I posted this at my blog but am sharing it here because it’s the best way I know of to thank those who contributed to the fundraiser Megan organized on my behalf last week. A Little Acorn will show up at your Inbox next weekend, and it’s going to be a fun one!
When Megan Fitzpatrick mentioned that several people last Saturday had asked if there was any way they could help, given my current experience with pancreatic cancer, she suggested she could put together a fundraiser for medical expenses. I was touched – truly – both by readers’ offers of help, and by Megan’s readiness to set something up. But I had to give some thought to my response.
Asking for help is not one of my strengths. Even accepting help that’s offered is sometimes hard. I recognize the importance of reciprocity. It’s great to be one of those people who give and give and give, but you can only give if others are willing to receive. And at some point, those who are unwilling to receive are missing out on a good chunk of what life is about. So I am trying, believe me (and please don’t say, as my first husband used to, “very trying”).
Second, while I often contribute to fundraisers, I find the whole fundraiser thing a challenge sometimes. Who wants to be seen as needy, or a victim? I know; this is another problem I have to deal with (one of many). Asking for help, or accepting it, does not a victim make. But some people have given online fundraisers a bad name. And the idea that many people in America rely on fundraisers to cover the cost of life-saving medical care drives me nuts. I lived in England for 16 years, and while the National Health Service was (and remains) far from perfect, single-payer healthcare beats the heck out of potentially losing your home due to medical expenses. Also, it’s not news that the American healthcare system, too, while technologically awe-inspiring and peopled with professionals who are the embodiment of patient-centered service, falls far short of ideal, especially in its financial dimensions.

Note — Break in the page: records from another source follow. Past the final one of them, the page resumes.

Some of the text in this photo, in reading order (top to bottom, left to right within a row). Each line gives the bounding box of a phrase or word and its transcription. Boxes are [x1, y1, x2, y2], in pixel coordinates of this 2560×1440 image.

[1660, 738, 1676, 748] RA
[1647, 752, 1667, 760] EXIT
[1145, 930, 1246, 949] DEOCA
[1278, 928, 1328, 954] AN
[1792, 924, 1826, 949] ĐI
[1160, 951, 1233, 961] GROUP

Finally, it’s not news that we’re in the midst of a raging pandemic that has cost millions of people their livelihoods. Yes, I have cancer, but all in all, Mark and I are in better shape than many, with paying work that each of us can do safely during this time, which added to my difficulty in saying “yes, thank you, let’s do it!”
I want to make sure people know that Mark and I have health insurance. While we have friends who don’t, both of us have made a point of paying for coverage since long before we even knew each other. As I explain in an upcoming blog post for the Pro’s Corner at Fine Woodworking, I bought my first health insurance policy in 1995 when I saw how much a client of mine, who had excellent healthcare coverage, had to pay out of pocket to fix his broken foot. His out-of-pocket expenses could well have put my then-new business out of commission, and we all know that those who work in the building trades are at higher risk for work-related injuries than most who work in offices.

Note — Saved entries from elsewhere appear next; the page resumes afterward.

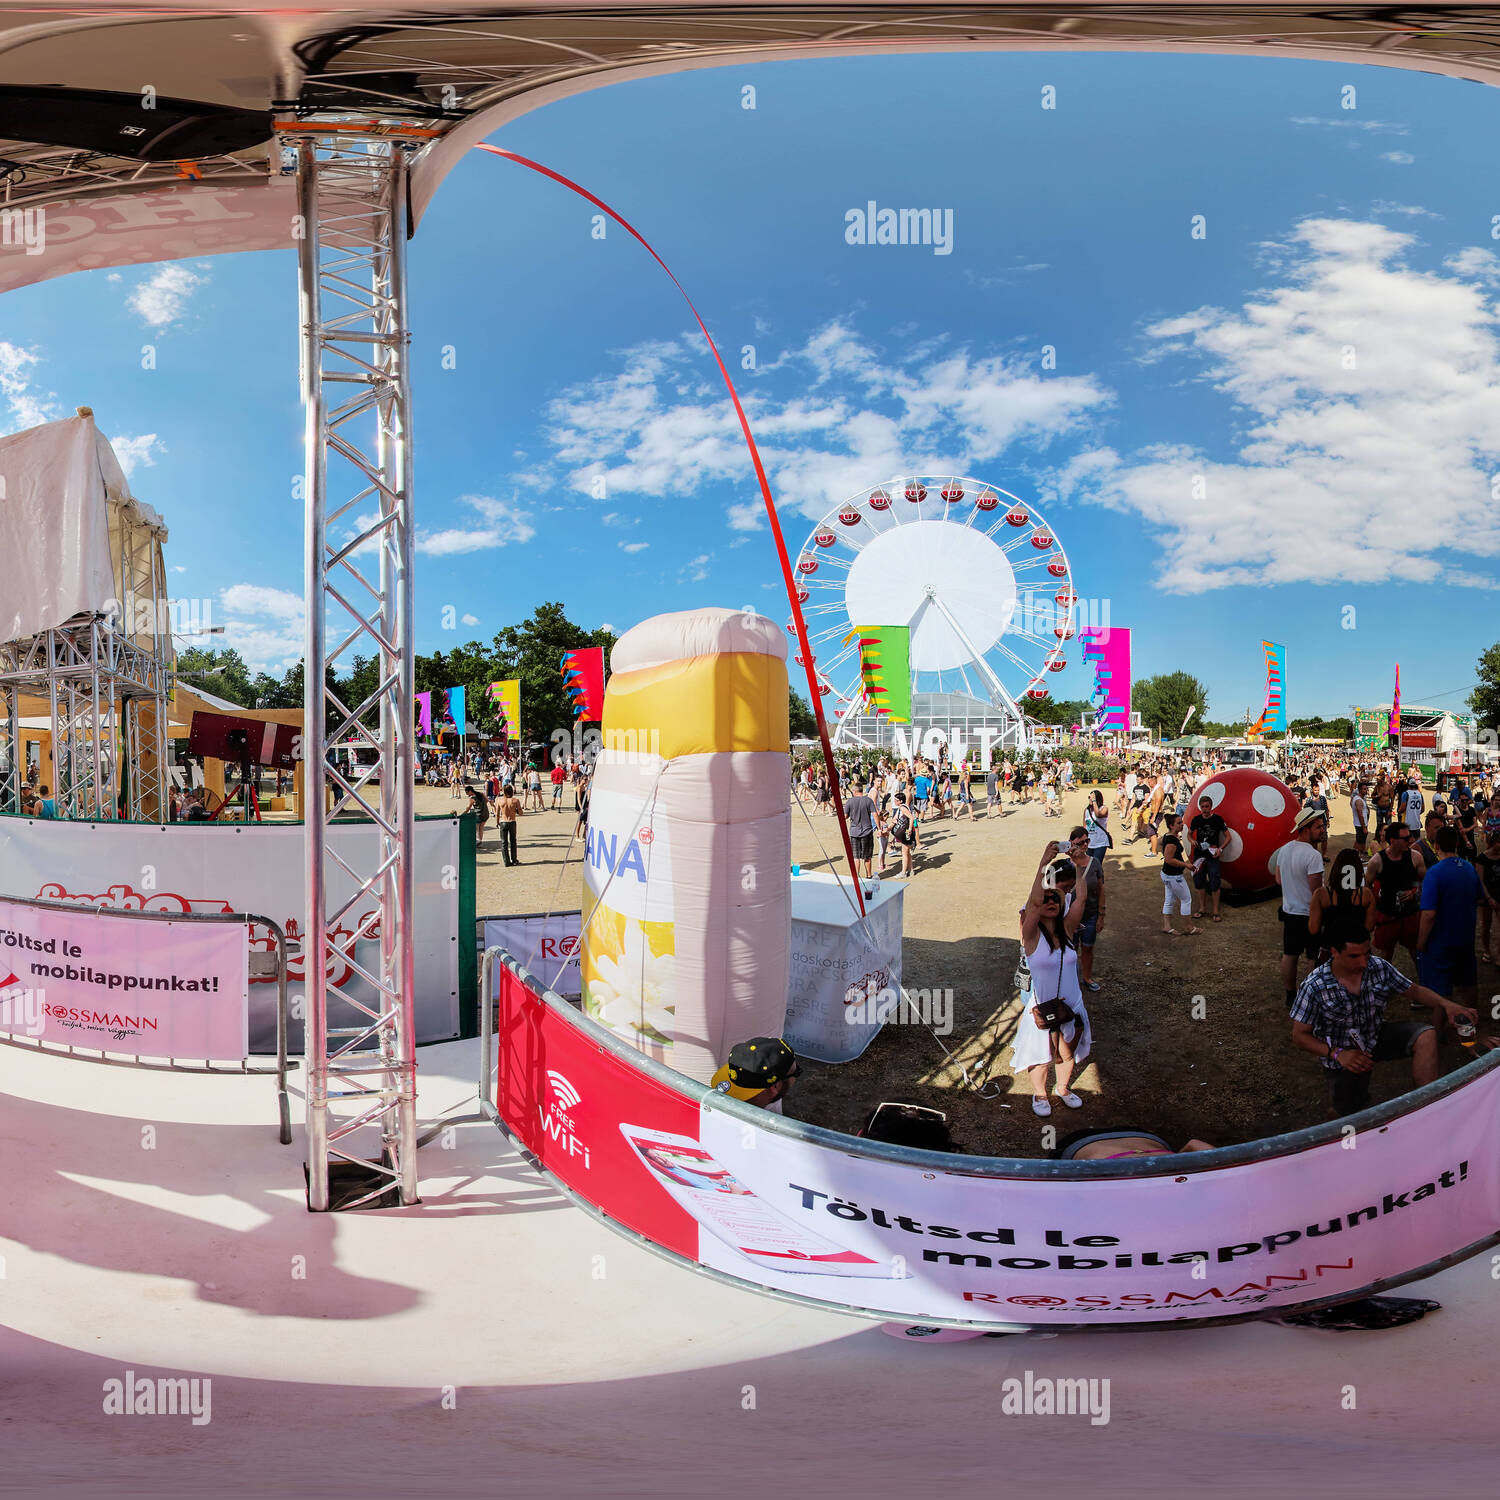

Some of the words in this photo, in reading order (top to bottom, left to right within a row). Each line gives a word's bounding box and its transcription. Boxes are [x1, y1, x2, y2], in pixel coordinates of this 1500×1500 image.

[896, 727, 998, 773] VOLT
[1410, 800, 1421, 810] 30
[62, 941, 82, 958] le
[30, 963, 219, 993] mobilappunkat!
[41, 1003, 158, 1031] ROSSMANN
[538, 1104, 590, 1170] WiFi
[551, 1103, 576, 1133] FREE
[788, 1183, 1015, 1246] Töltsd
[1045, 1230, 1120, 1248] le
[923, 1160, 1470, 1271] mobilappunkat!
[962, 1257, 1353, 1309] ROSSMANN

Mark and I are both self-employed. Paying the health insurance premiums has often been a stretch, especially for me, but we’ve considered it no less important than paying our mortgage. Finding the right balance between affordable premiums (if $845 a month per person can be described as “affordable”) and coverage in case of a claim has also been a challenge. Like many of our self-employed friends, we chose our policy, paid the premiums and hoped we’d never have to use it, beyond the reductions it provides in charges for prescriptions, wellness scans and such. As it turns out, our high-deductible HSA-linked family policy will cost us $24,800 this year in out-of-pocket expenses before our “coverage” kicks in. Yes, just having insurance coverage is an enormous help – as we’re now learning, the basic charges for anesthesia, chemo and all sorts of related care are astronomical. But in a year when our income will already be seriously reduced due to changes we’ve made in how we work, thanks to the pandemic, forking out $25,000 (or, let’s be realistic, likely more) would hit us hard. Were we not living in Covid World, things would be at least somewhat different – I wouldn’t hesitate to take friends up on their offers of rides to the hospital, and Mark could be working more closely to normal. But with a significantly compromised immune system, it would be foolish for me to get in a car with anyone else, which has disrupted Mark’s work far more than we anticipated. In fact, it would be more than foolish. It would be irresponsible and ungrateful, considering how many people have already helped us out.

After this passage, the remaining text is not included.